Work to complete => With the pictures set aside, reproduce each entry precisely as it reads.

Records shown =>
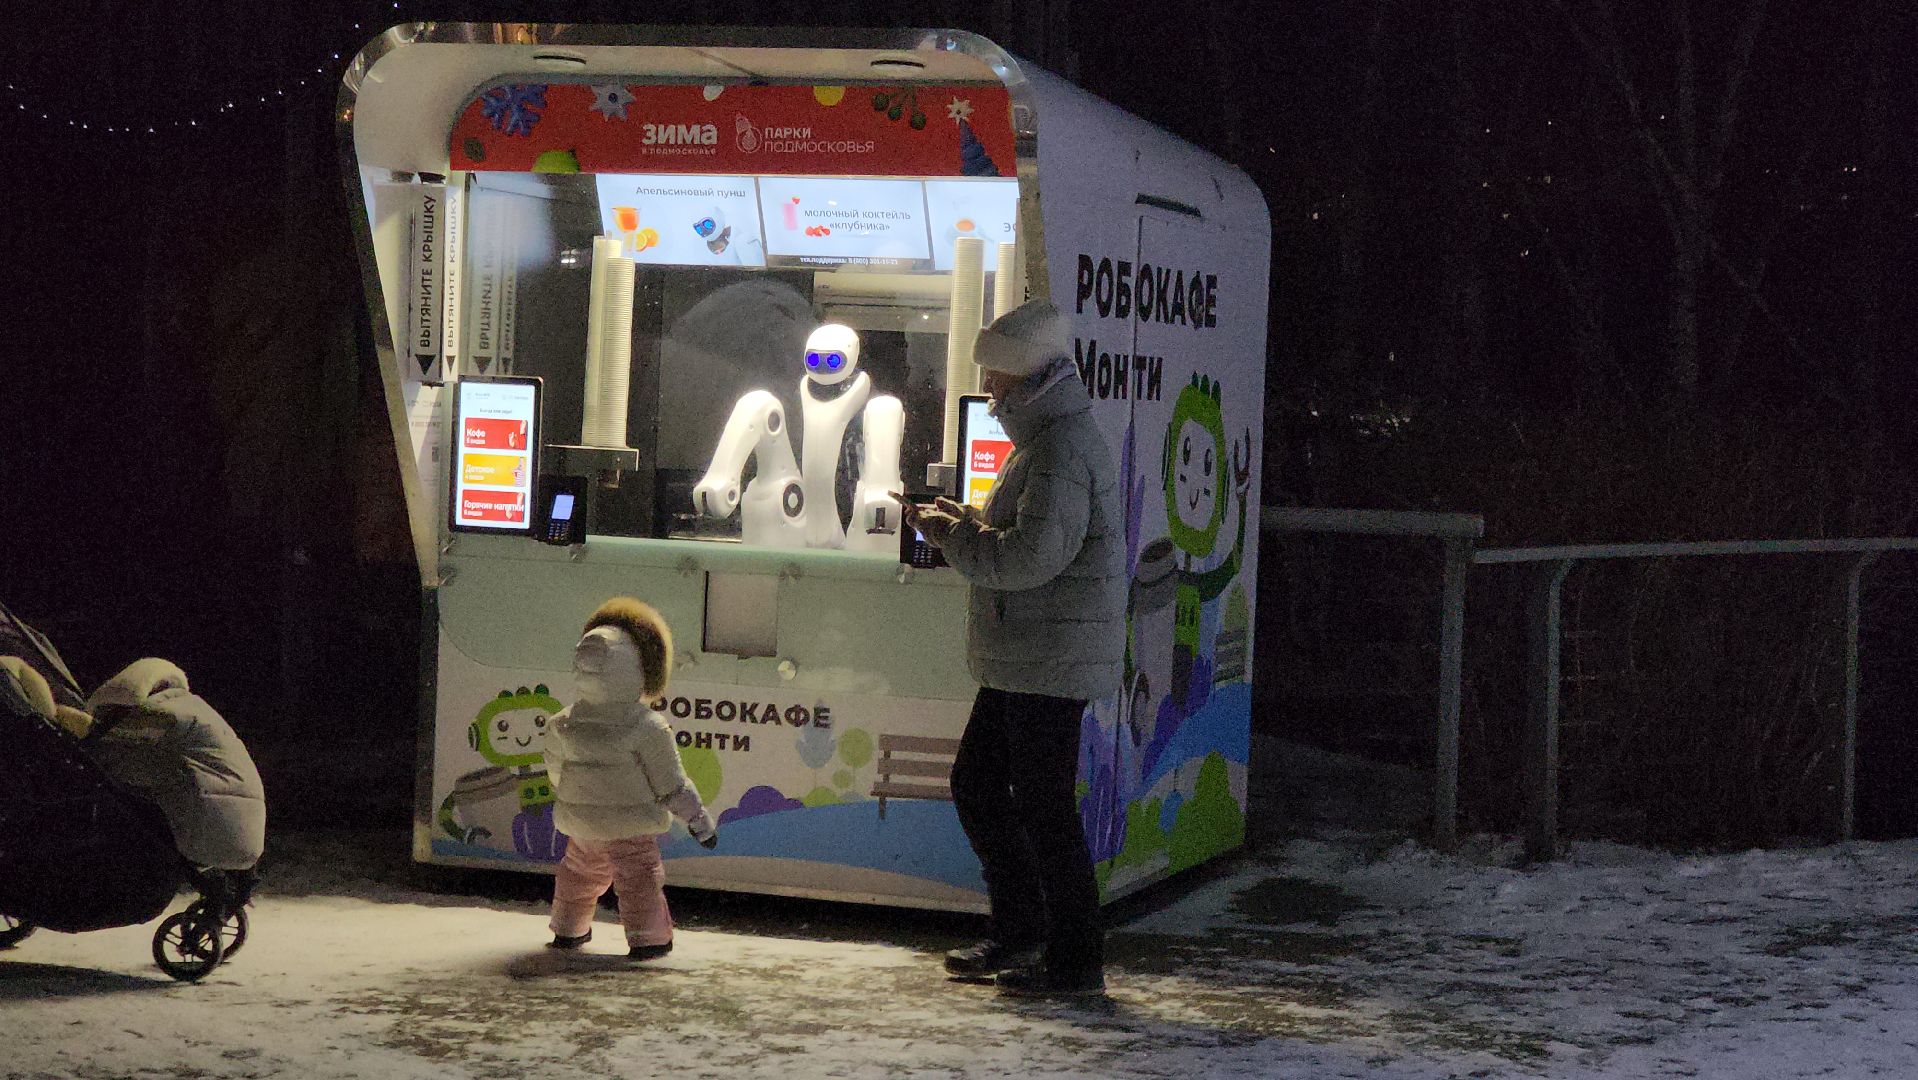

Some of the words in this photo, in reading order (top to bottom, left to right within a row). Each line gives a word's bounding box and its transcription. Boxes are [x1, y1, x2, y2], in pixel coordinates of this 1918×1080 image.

[764, 127, 811, 139] ПАРКИ
[764, 140, 875, 154] ПОДМОСКОВЬЯ
[636, 186, 714, 197] Апельсиновый
[717, 189, 746, 199] пунш
[804, 208, 859, 220] молочный
[862, 210, 911, 220] коктейль
[422, 194, 436, 262] КРЫШКУ
[448, 197, 457, 264] КРЫШКУ
[830, 220, 890, 232] «клубника»
[1076, 253, 1218, 330] РОБОКАФЕ
[419, 268, 433, 348] ВЫТЯНИТЕ
[447, 270, 456, 348] ВЫТЯНИТЕ
[466, 428, 486, 439] Кофе
[974, 451, 996, 462] Кофе
[464, 500, 492, 510] Горячие
[674, 729, 750, 752] онти

Your response =>
Some of the words in this photo, in reading order (top to bottom, left to right within a row). Each line gives a word's bounding box and its transcription. Boxes are [x1, y1, x2, y2], in pixel coordinates of this 1918×1080 image.

[764, 127, 811, 139] ПАРКИ
[764, 140, 875, 154] ПОДМОСКОВЬЯ
[636, 186, 714, 197] Апельсиновый
[717, 189, 746, 199] пунш
[804, 208, 859, 220] молочный
[862, 210, 911, 220] коктейль
[422, 194, 436, 262] КРЫШКУ
[448, 197, 457, 264] КРЫШКУ
[830, 220, 890, 232] «клубника»
[1076, 253, 1218, 330] РОБОКАФЕ
[419, 268, 433, 348] ВЫТЯНИТЕ
[447, 270, 456, 348] ВЫТЯНИТЕ
[466, 428, 486, 439] Кофе
[974, 451, 996, 462] Кофе
[464, 500, 492, 510] Горячие
[674, 729, 750, 752] онти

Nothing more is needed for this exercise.